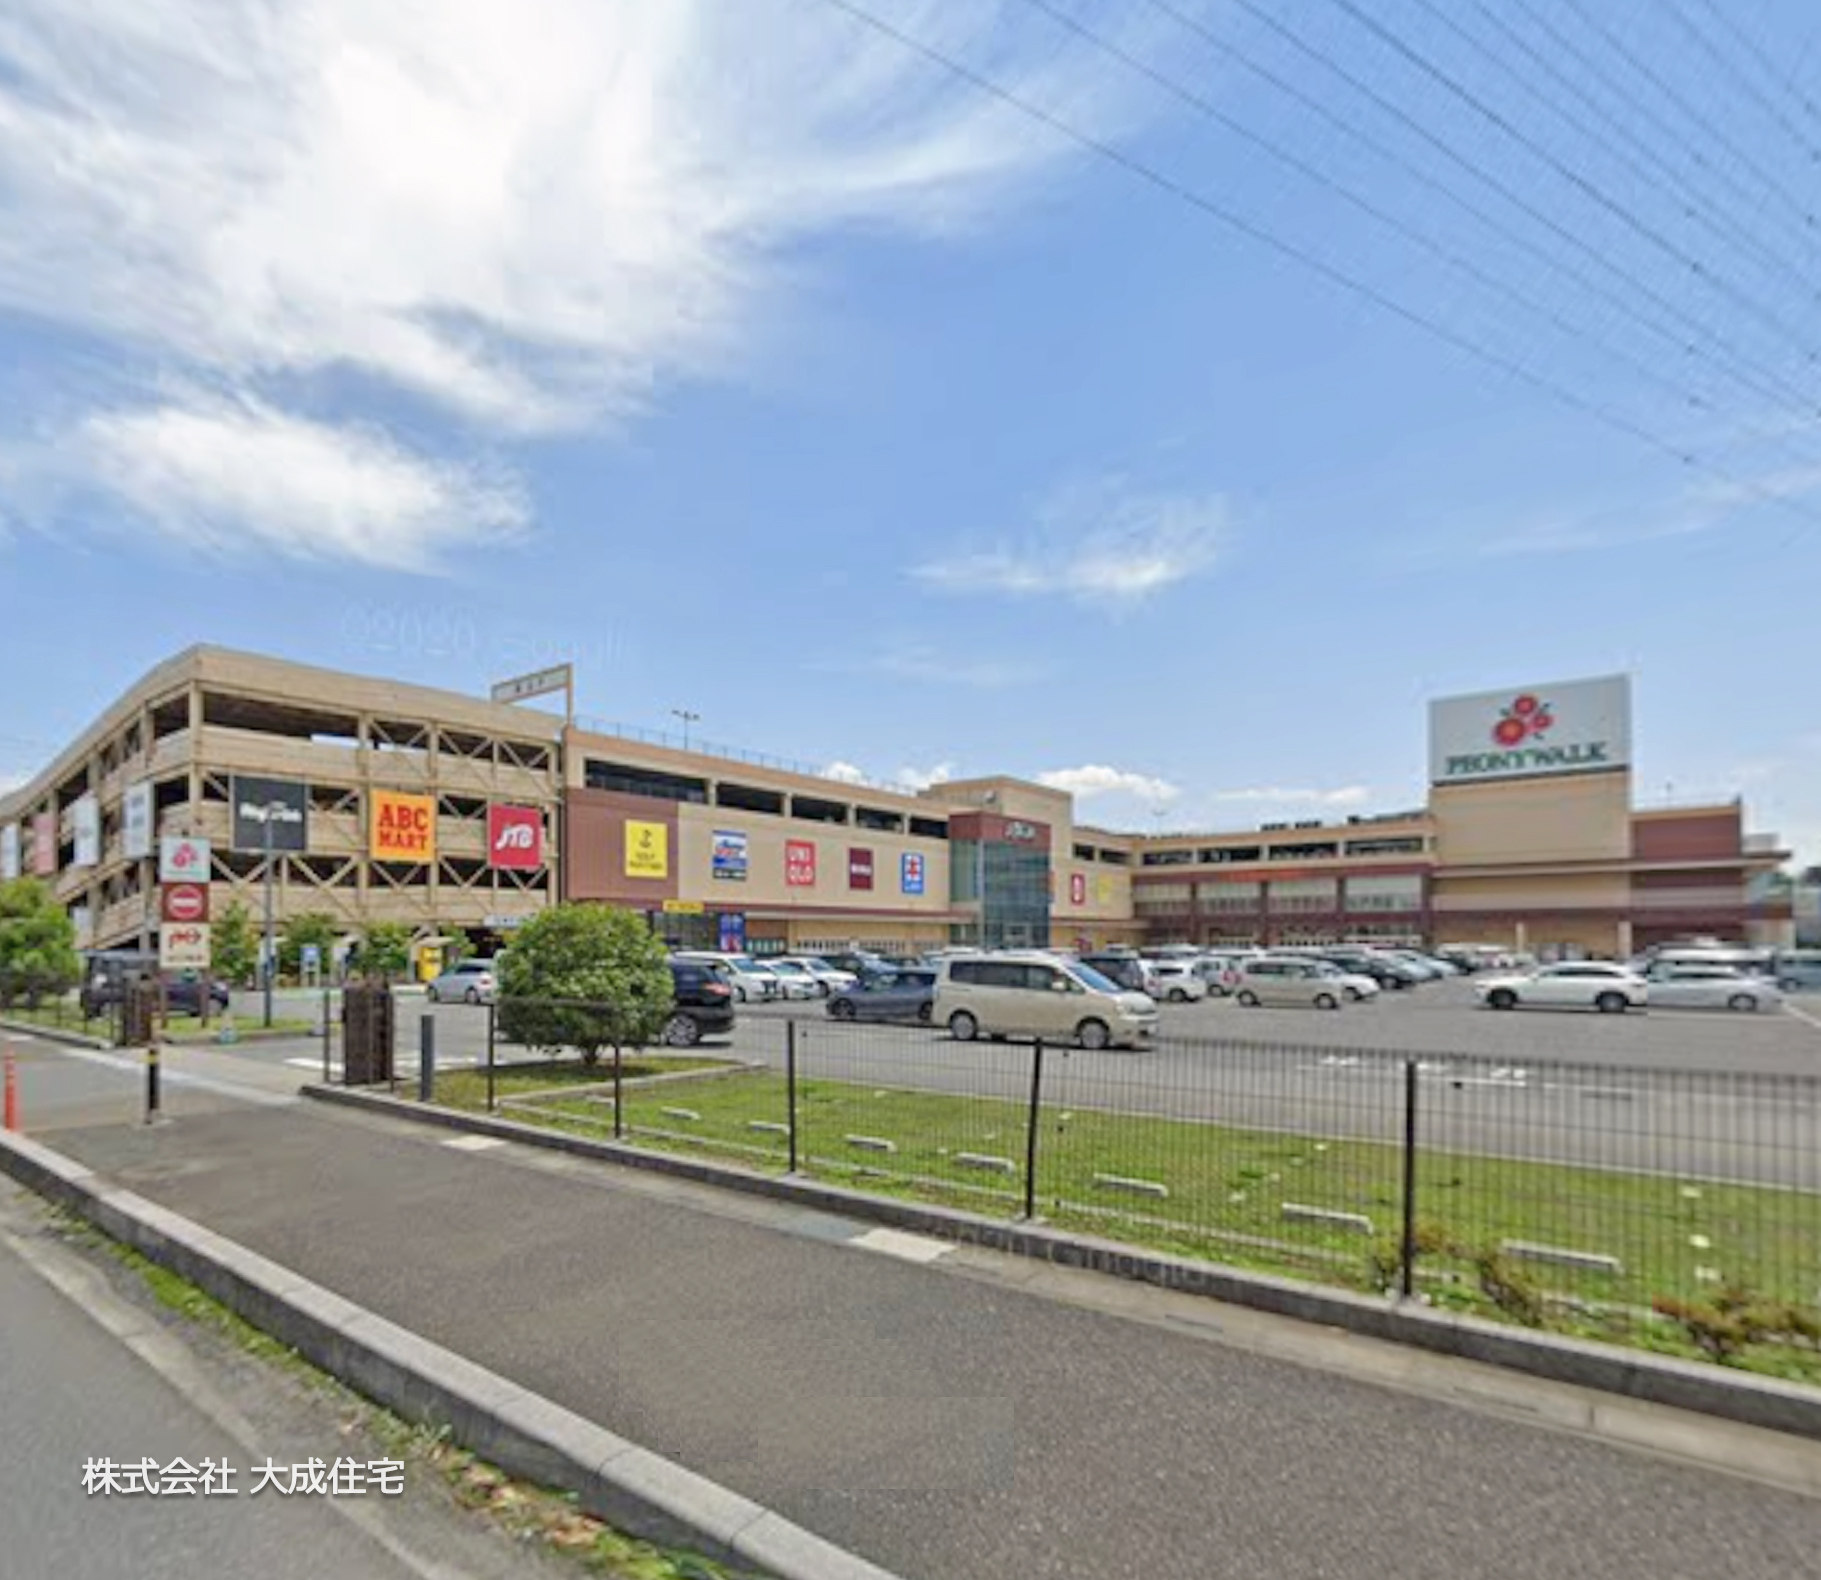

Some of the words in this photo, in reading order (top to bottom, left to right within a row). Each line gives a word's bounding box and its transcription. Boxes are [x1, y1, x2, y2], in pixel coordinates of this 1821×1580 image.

[378, 803, 429, 831] ABC
[378, 830, 428, 850] MART
[494, 823, 534, 850] JTB
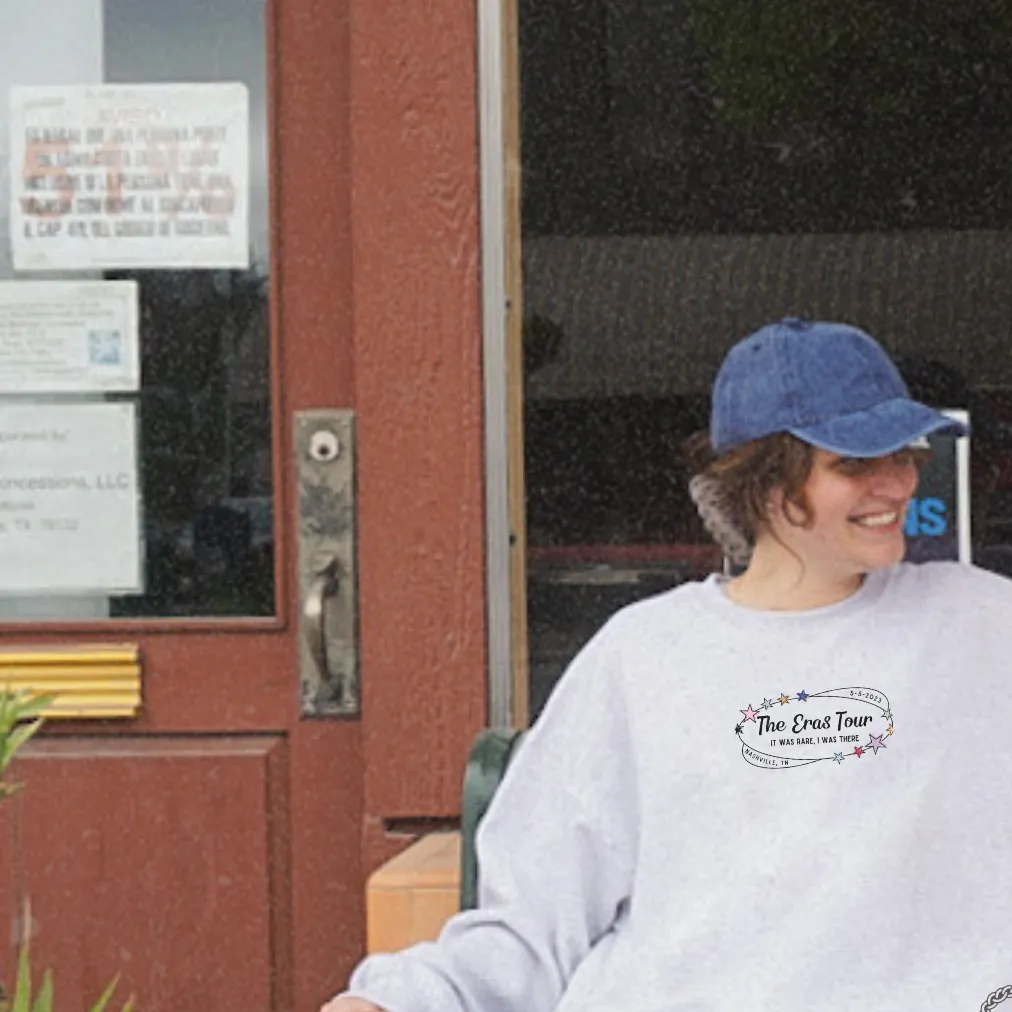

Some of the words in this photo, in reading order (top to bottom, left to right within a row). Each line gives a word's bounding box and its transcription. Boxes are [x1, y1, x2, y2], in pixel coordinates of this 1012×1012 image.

[96, 474, 128, 490] LLC
[757, 715, 786, 736] The
[792, 713, 831, 734] Eras
[835, 711, 873, 731] Tour
[770, 739, 777, 747] IT
[779, 738, 795, 746] WAS
[796, 738, 816, 746] RARE,
[821, 736, 838, 744] WAS
[839, 735, 860, 743] THERE
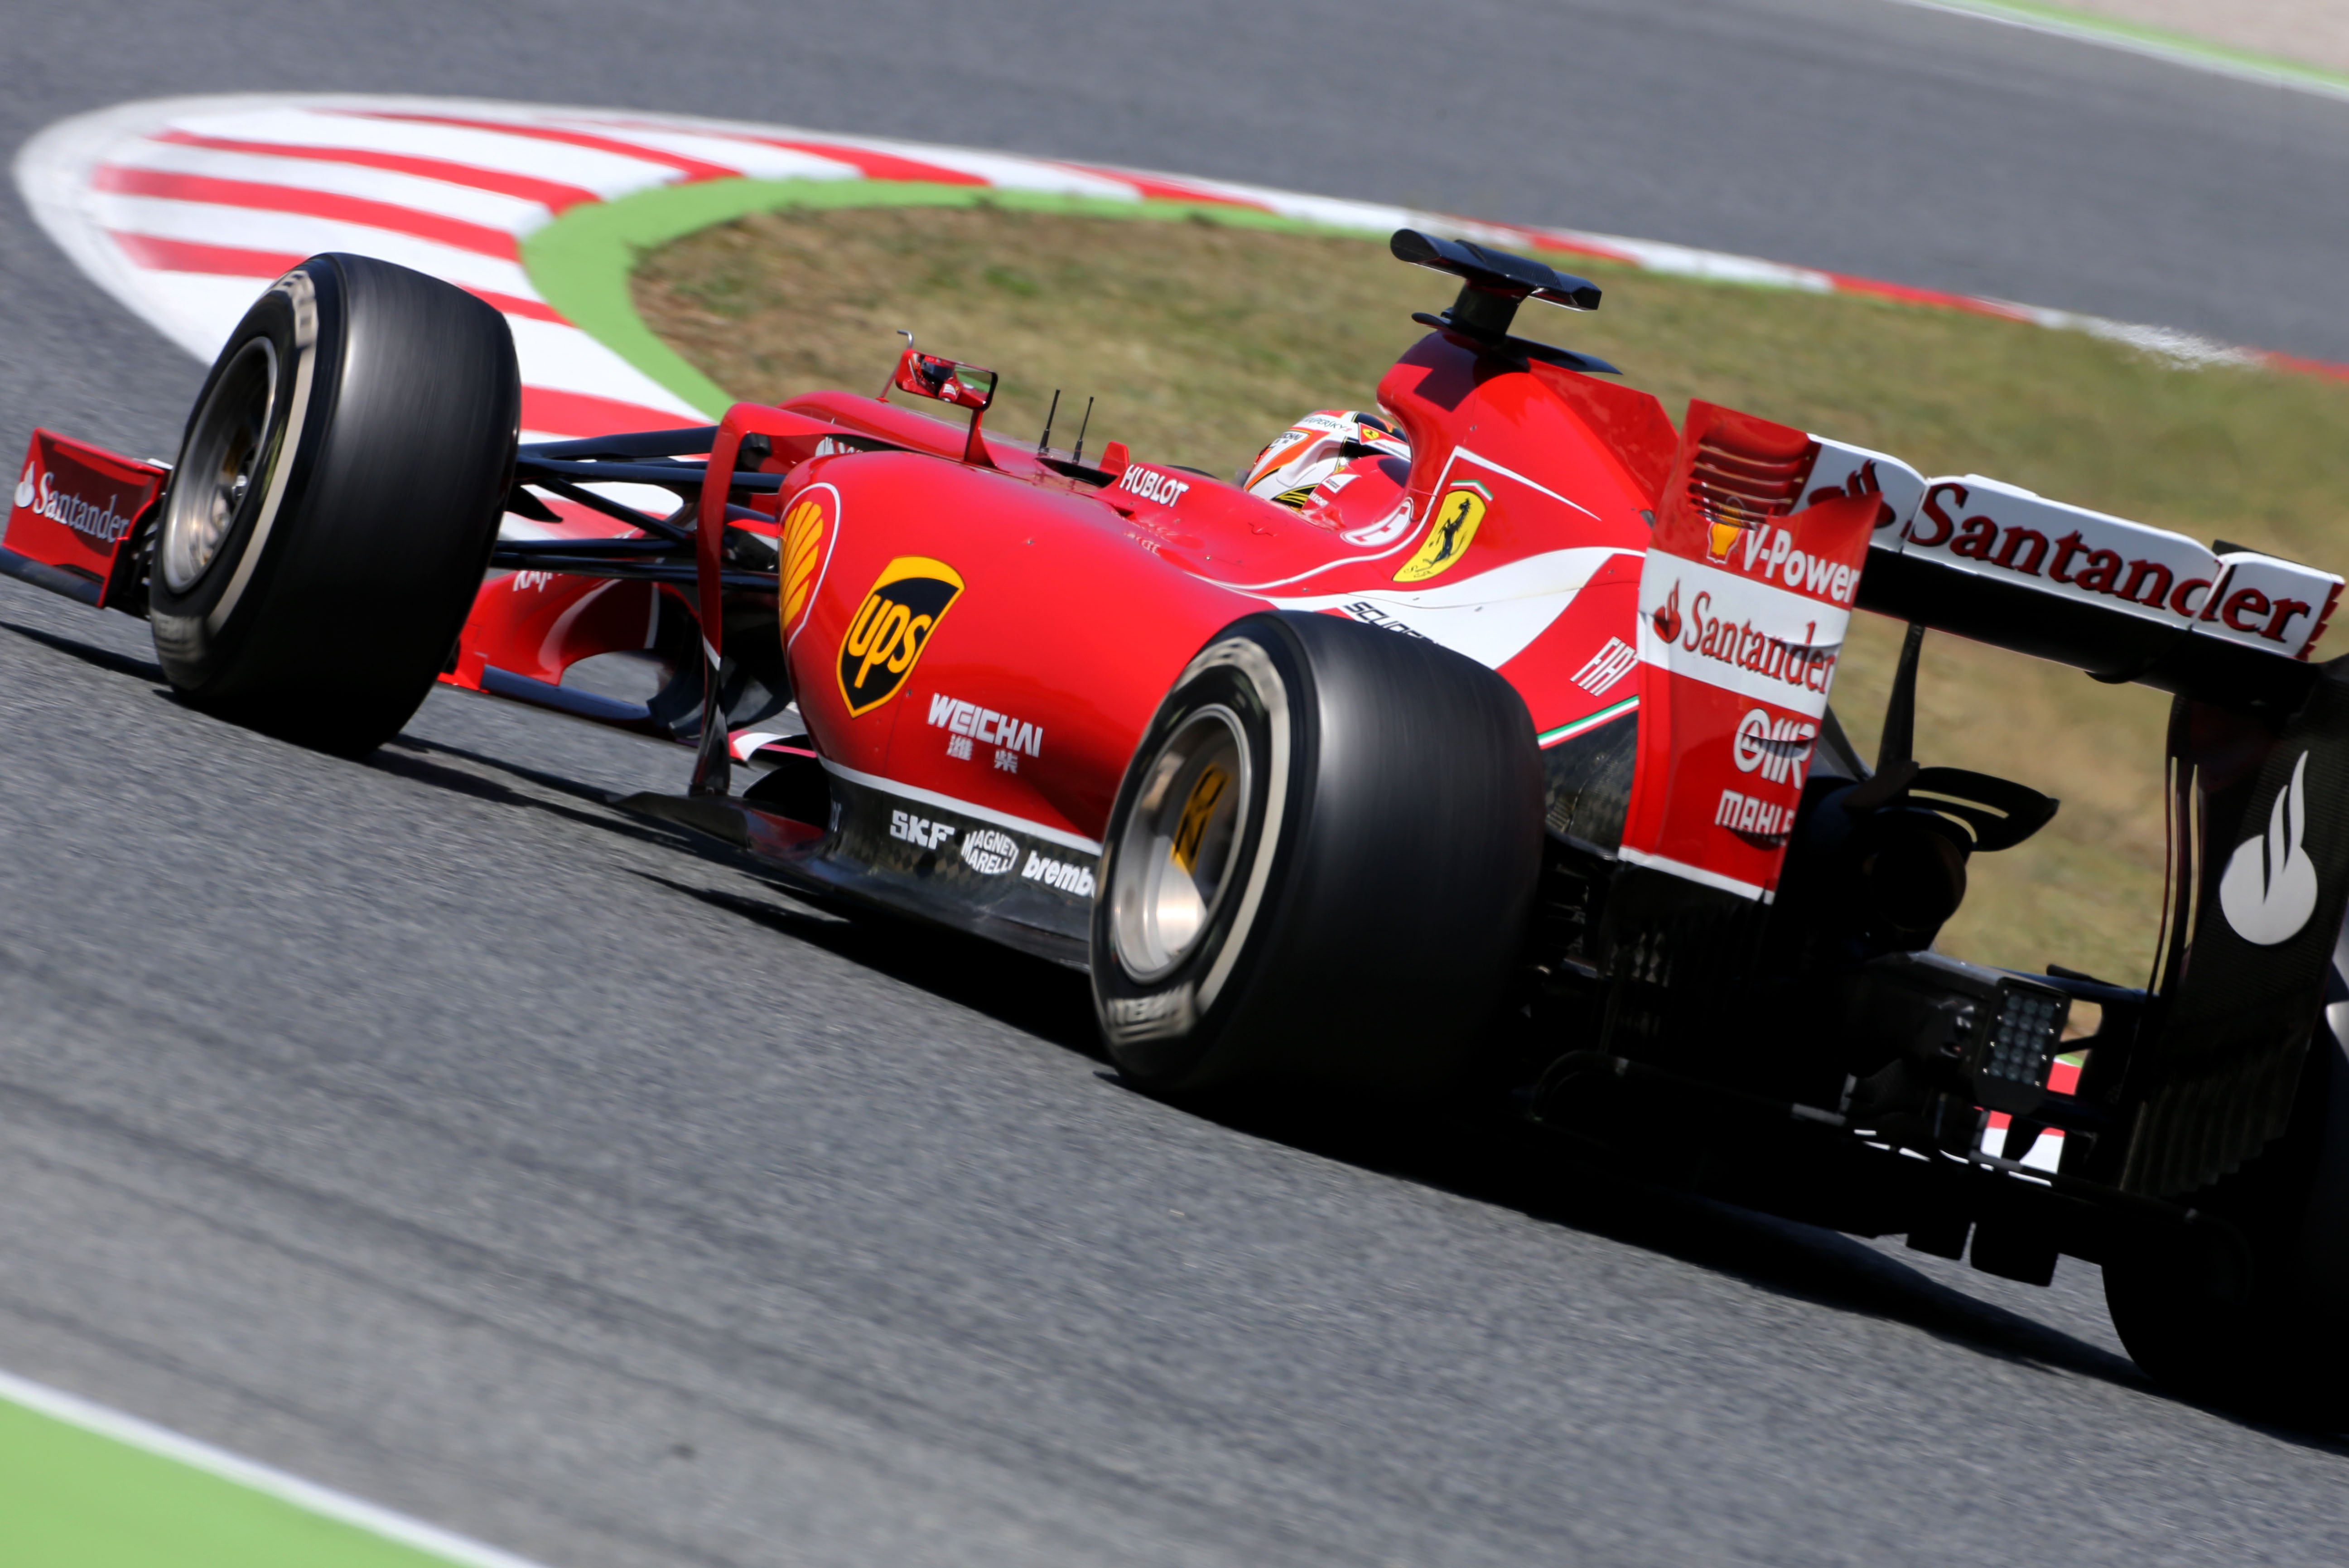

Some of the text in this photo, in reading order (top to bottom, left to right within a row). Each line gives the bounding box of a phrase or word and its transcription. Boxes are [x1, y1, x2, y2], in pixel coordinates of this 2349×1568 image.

* **EXERCISE DETAILS**:
Your answer must be an exact copy of the lines from the one with "this 1012×1012 image." through the final line of the data, both included, without any pictures.

* **COMPLETED EXERCISE**:
Some of the words in this photo, in reading order (top to bottom, left to right within a row). Each line gives a word's bounding box and its transcription. Boxes are [x1, y1, x2, y2], in pixel coordinates of this 1012×1012 image.

[96, 474, 128, 490] LLC
[757, 715, 786, 736] The
[792, 713, 831, 734] Eras
[835, 711, 873, 731] Tour
[770, 739, 777, 747] IT
[779, 738, 795, 746] WAS
[796, 738, 816, 746] RARE,
[821, 736, 838, 744] WAS
[839, 735, 860, 743] THERE

Some of the text in this photo, in reading order (top to bottom, left to right within a row). Each line gives the bounding box of a phrase or word and its transcription. Boxes are [x1, y1, x2, y2], in pixel coordinates of this 2349×1568 image.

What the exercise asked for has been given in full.